Emboscada sob falsa promessa de trabalho
De acordo com o boletim de ocorrência, a vítima relatou ter sido atraída para uma emboscada ao ser chamada para receber pagamento por serviços de limpeza e corte de grama na residência de um casal. O namorado a acompanhou até o local, onde, segundo sua denúncia, o dono da casa iniciou as agressões com ajuda do companheiro.
A situação rapidamente se tornou violenta: a mulher tentou fugir, mas foi imobilizada. A esposa do suspeito, de 25 anos, também teria participado das agressões, chegando a cravar uma faca no celular da vítima para impedir pedidos de socorro.
Marcada com símbolo nazista
As agressões incluíram socos, chutes e golpes com objetos. Em seguida, conforme o relato da vítima, o dono da casa pediu que a esposa esquentasse uma faca. Com o objeto aquecido, ele teria desenhado uma suástica nazista no braço esquerdo dela, próximo ao ombro.
"Após as agressões, fui liberada sob ameaça de ter a cabeça cortada com uma foice caso contasse o que aconteceu", relatou a vítima aos policiais. Apesar do medo, ela decidiu procurar ajuda e registrar o caso na polícia horas depois.
Investigação e versões contraditórias
Os policiais localizaram primeiro o namorado da vítima, que confessou participação nas agressões, mas alegou ter apenas segurado a companheira enquanto o casal a agredia. Os outros dois suspeitos foram encontrados na casa onde o crime teria ocorrido.
O homem apresentou versão diferente: afirmou que havia combinado pagamento por faxina, mas a vítima não compareceu no dia combinado. Segundo ele, durante conversa no local, o casal começou a discutir e se agrediu mutuamente. A esposa corroborou essa versão.
Apesar das contradições, os três suspeitos foram encaminhados à Delegacia de Polícia Civil de Ponta Porã. O caso foi registrado como lesão corporal e tortura e segue em investigação aprofundada.
Contexto preocupante
Este incidente ocorre em um momento de aumento da violência contra pessoas trans no Brasil.

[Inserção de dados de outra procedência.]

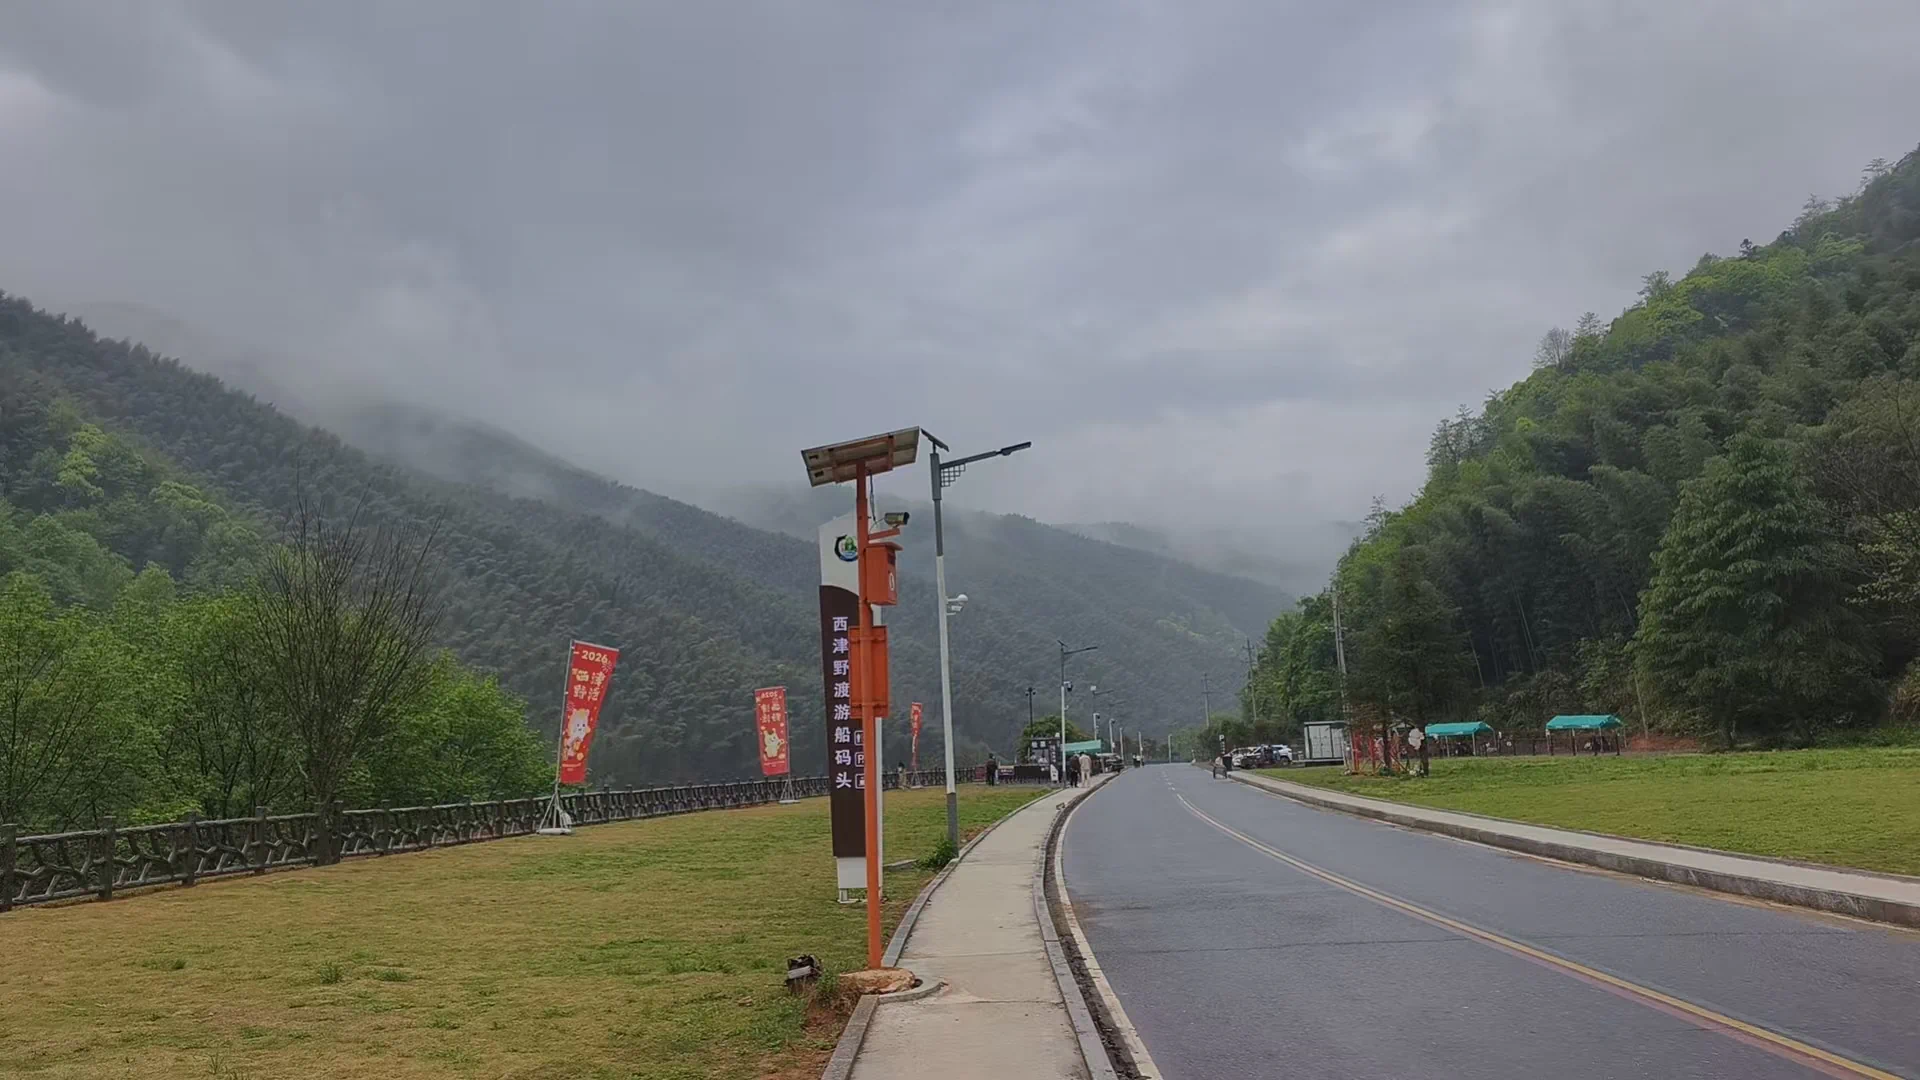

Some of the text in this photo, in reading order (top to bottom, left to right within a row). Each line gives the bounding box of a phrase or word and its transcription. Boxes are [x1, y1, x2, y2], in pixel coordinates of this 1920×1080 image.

[581, 650, 608, 664] 2026
[832, 616, 853, 789] 西津野渡游船码头
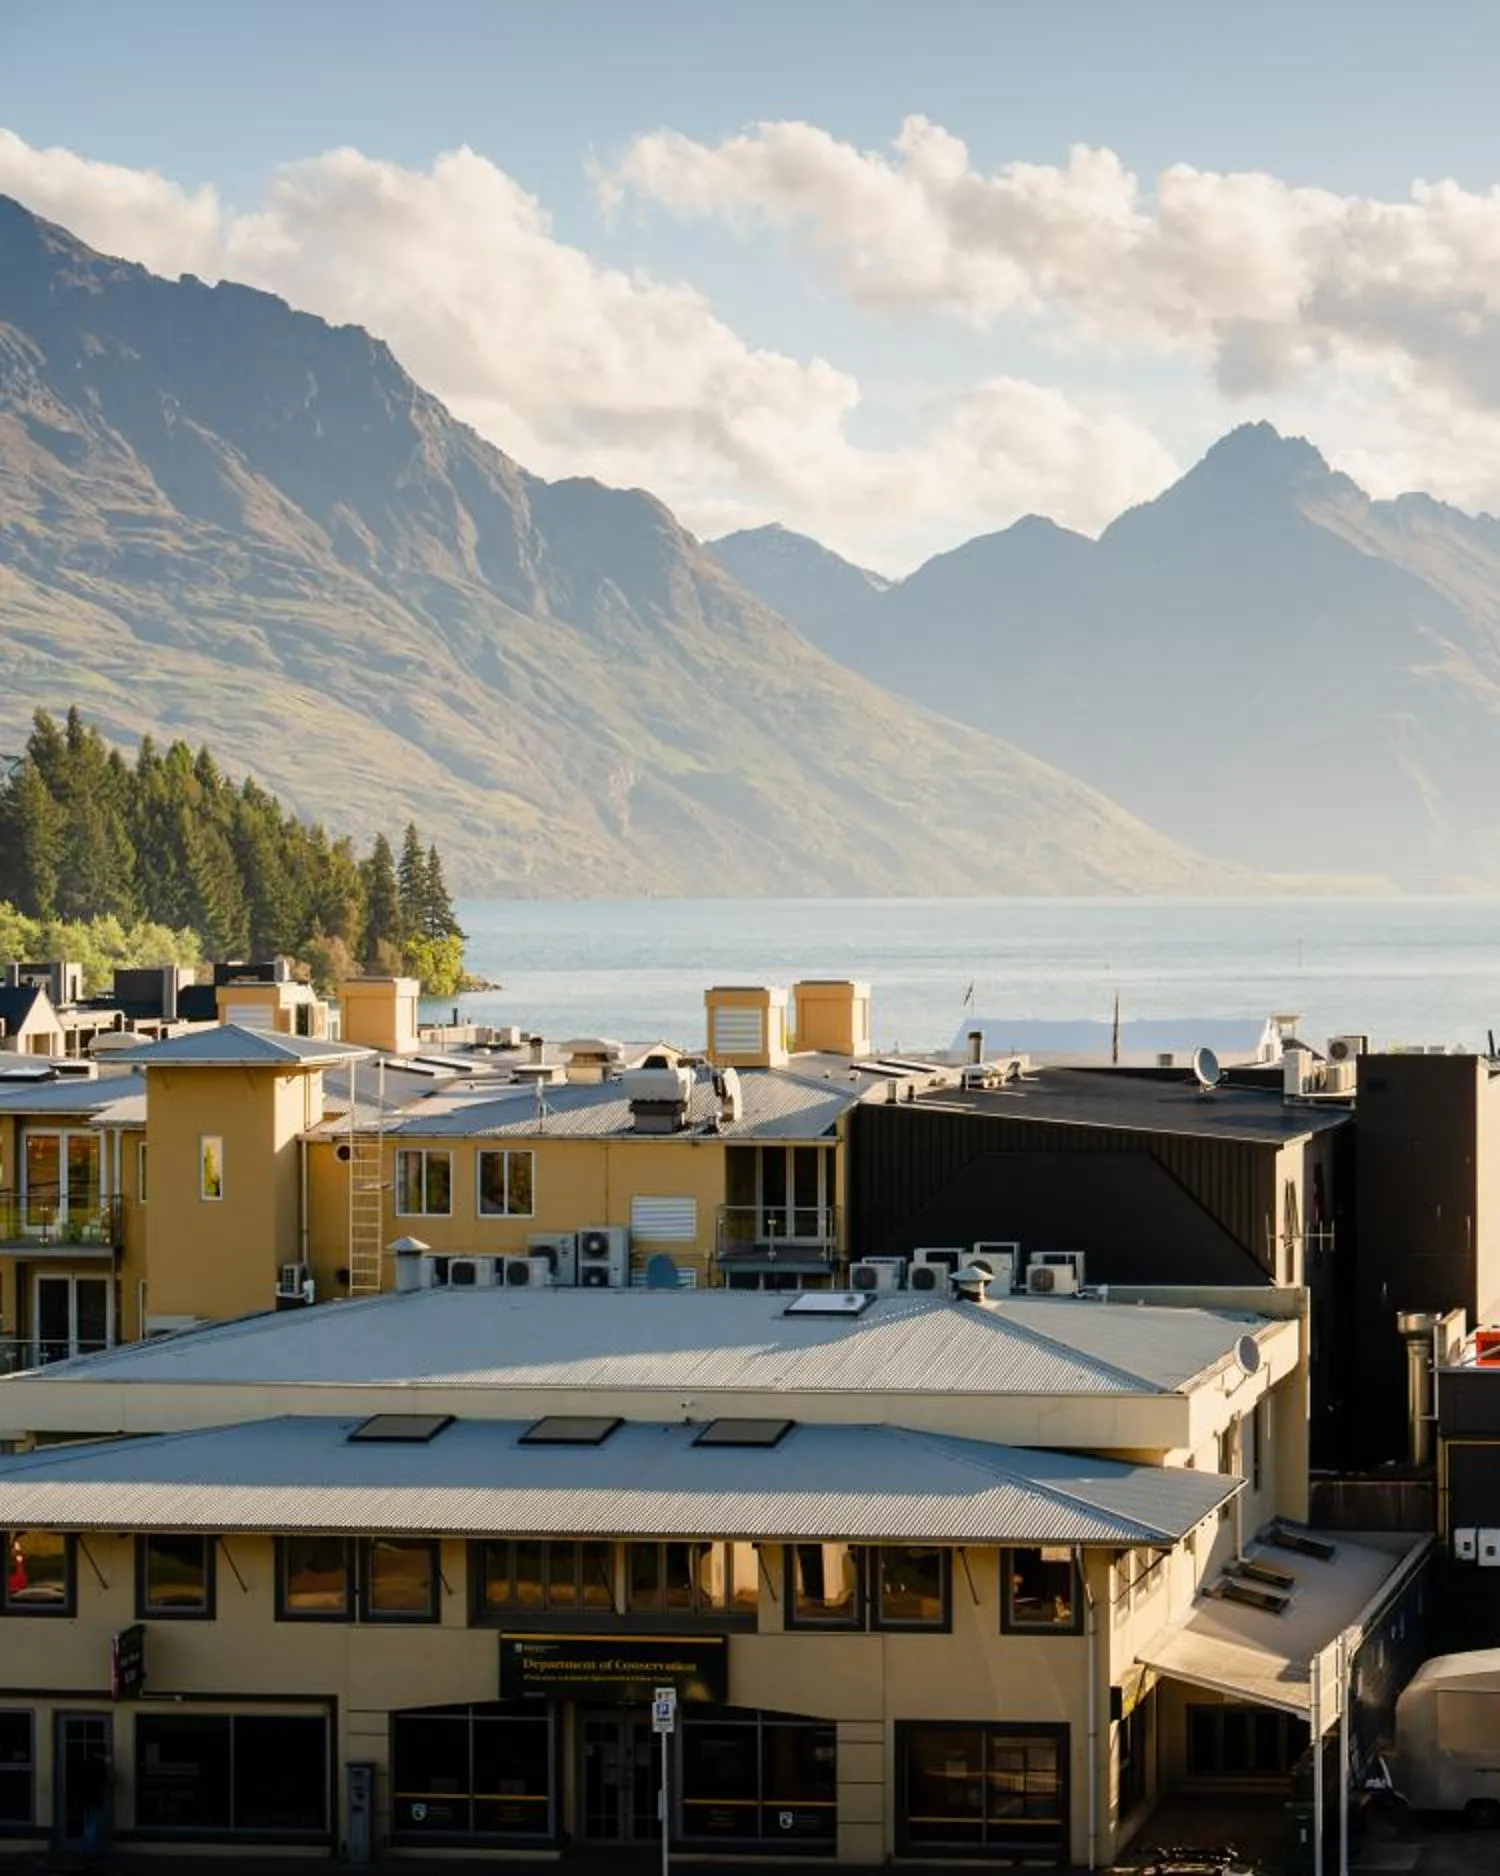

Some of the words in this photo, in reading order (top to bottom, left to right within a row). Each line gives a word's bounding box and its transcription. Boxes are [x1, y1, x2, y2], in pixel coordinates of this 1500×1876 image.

[523, 1658, 596, 1673] Department
[599, 1658, 614, 1671] of
[615, 1658, 697, 1672] Conservation

A marcação com símbolo nazista adiciona um componente grave de crime de ódio e intolerância ao caso, que tem mobilizado autoridades locais.
A Polícia Civil de Mato Grosso do Sul reforçou que está tratando o caso com máxima prioridade, considerando sua gravidade e as implicações sociais envolvidas. A investigação busca esclarecer todos os detalhes do crime e garantir que os responsáveis sejam devidamente responsabilizados.